Black leaders push Black Wealth 2020 movement
HAZEL TRICE EDNEY | 9/24/2017, 2:47 p.m.
“It’s a very tall order because we lost so much Black wealth in a 10-year-period. In the period since the recession, we’ve lost almost 10 percent of our homeownership and it’s difficult to rebuild it and renew it because Black people are also – like many Americans – suffering from income inequality, earnings suppression, and wage stagnation,” Morial said.
The success of Black Wealth 2020 is contingent upon it remaining consistent, expanding and strategizing, said New York Sen. James Sanders Jr., who was so impressed by the organization’s goals that he has established what he calls a chapter of Black Wealth 2020 in South East Queens, New York.
“We consider ourselves a chapter of this amazing movement which is led by the people in DC. Now, having said that, we do hold the right to local creativity,” Sanders said. “The local group knows its community best and there will be no cookie cutter model that is right at all times for all people.
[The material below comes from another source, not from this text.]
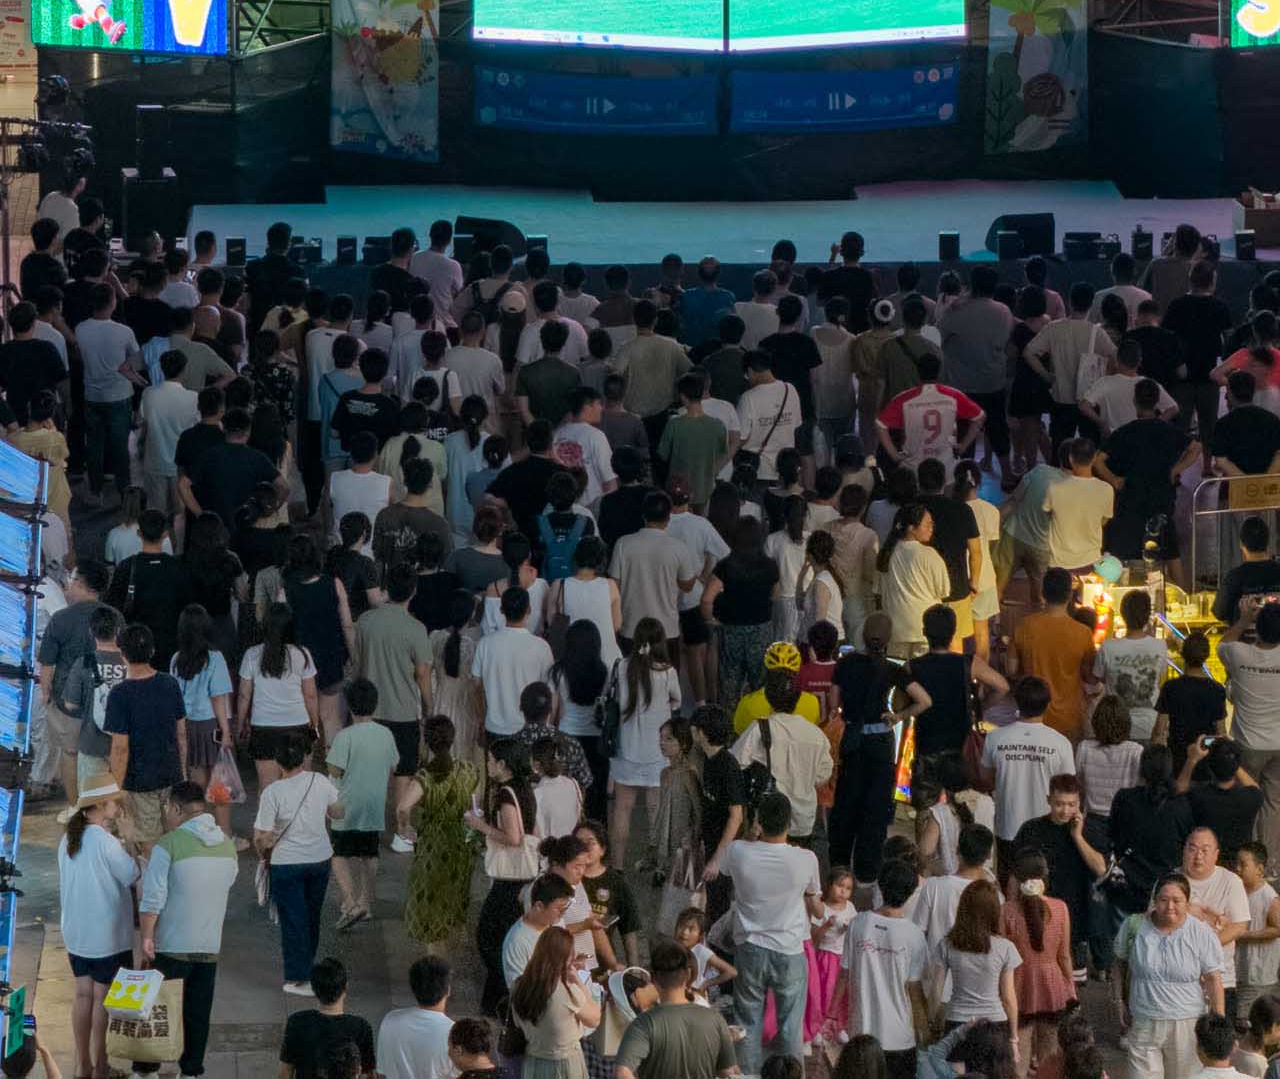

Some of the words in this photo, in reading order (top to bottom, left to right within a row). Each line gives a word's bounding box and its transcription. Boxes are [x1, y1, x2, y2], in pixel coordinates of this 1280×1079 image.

[922, 409, 942, 444] 9
[997, 744, 1036, 752] MAINTAIN
[1038, 746, 1056, 755] SELF
[1005, 754, 1046, 763] DISCIPLINE
There has to be local initiative, local ingenuity to achieve our purposes.
“Black Wealth 2020 right now is a movement. It’s an idea whose time has come. And people all over the U. S. are coming to this independently with varying degrees of success of course. With that, we need to institutionalize. We need to figure out what is the best approach and how do we go about this approach.”
In New York, Sanders has pulled together a group of local people who meet bi-weekly and envision, discuss and strategize on how they will economically impact the southeast section of Queens. The meetings are private, he said, mostly so that they will remain focused.
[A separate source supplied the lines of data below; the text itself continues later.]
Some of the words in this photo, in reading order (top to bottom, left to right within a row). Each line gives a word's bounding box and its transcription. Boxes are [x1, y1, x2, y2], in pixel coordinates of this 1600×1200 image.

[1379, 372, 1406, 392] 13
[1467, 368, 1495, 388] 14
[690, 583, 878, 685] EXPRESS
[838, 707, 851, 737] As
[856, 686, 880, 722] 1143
“We have created three or four different committees – housing, banking, business and a marketing committee for the timing and strategy to get our message out,” he described. “We have not spent much time going before the wider public as we are working out some of the finer points. We’ve been in this situation for 400 years. We can wait just a little longer.”
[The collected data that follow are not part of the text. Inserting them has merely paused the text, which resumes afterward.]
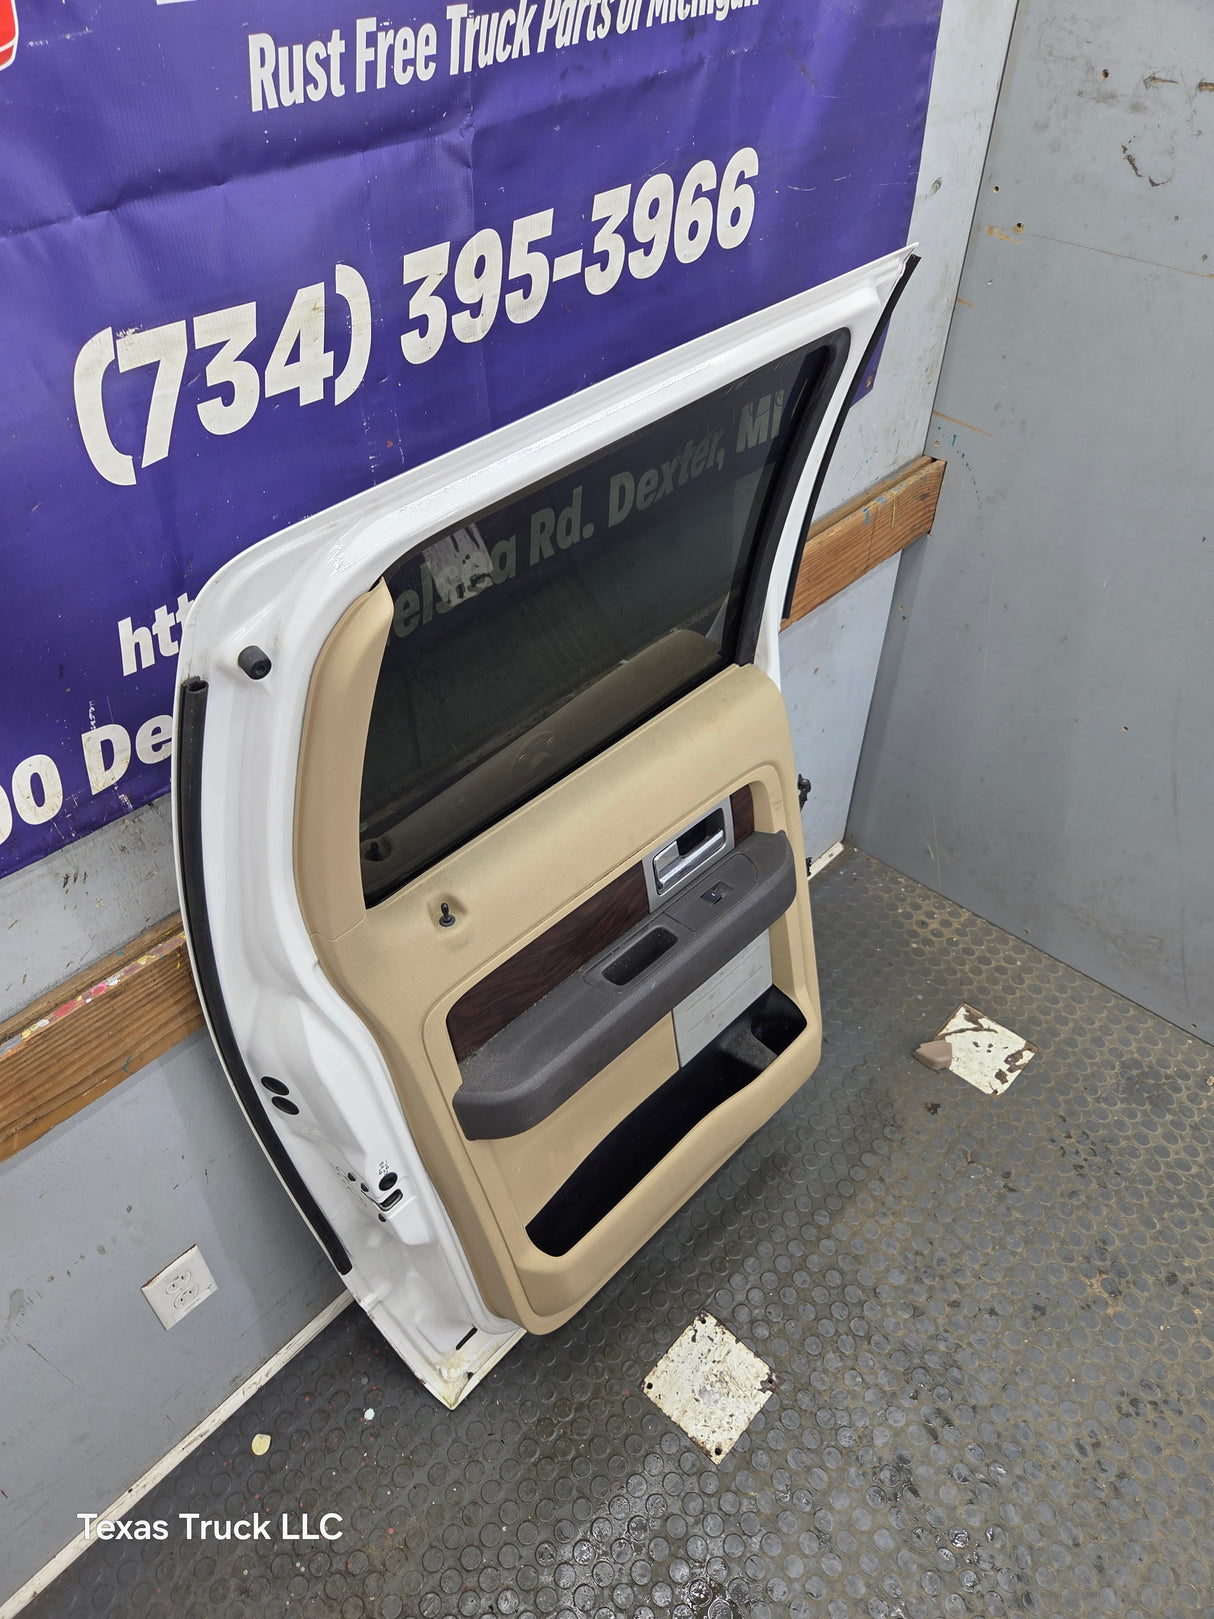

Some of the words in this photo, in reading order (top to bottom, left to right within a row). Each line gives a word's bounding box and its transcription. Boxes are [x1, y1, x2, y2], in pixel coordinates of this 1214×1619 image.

[248, 29, 346, 112] Rust
[355, 17, 437, 93] Free
[446, 0, 537, 76] Truck
[536, 0, 612, 53] Parts
[73, 264, 372, 485] (734)
[399, 147, 759, 365] 395-3966
[529, 485, 595, 568] Rd.
[608, 430, 725, 528] Dexter,
[736, 388, 785, 453] MI
Like the D.C. model, first, they are studying and gathering information, Sanders said. Then they will decide how to go about impacting the economic lives of the people in that area of New York. He said, viewing themselves as a “test case”, realistic change will be the key evidence of success.
“In politics we do well what I call impression sessions where we announce some major victory that really isn’t and, you know, we get the accolades and people believe that something is happening ... But this is too serious an issue – the issue of our survival – is far too serious for impression sessions,” Sanders said.
Simultaneously, back in D.C., the shared leadership team of Black Wealth 2020 continues to meet monthly. Attracting others with like minds, the group acts as a catalyst for economic growth.
In addition to Morial and Sanders, among those who have met with the D.C.-based group are Jim Coleman, president/CEO of Prince George’s County’s Economic Development Corporation; Robert Greene, president/CEO of the National Association of Investment Companies, which represents diverse-owned private equity firms and hedge funds; and Andy Ingraham, President/CEO, National Association of Black Hotel Owners, Operators and Developers.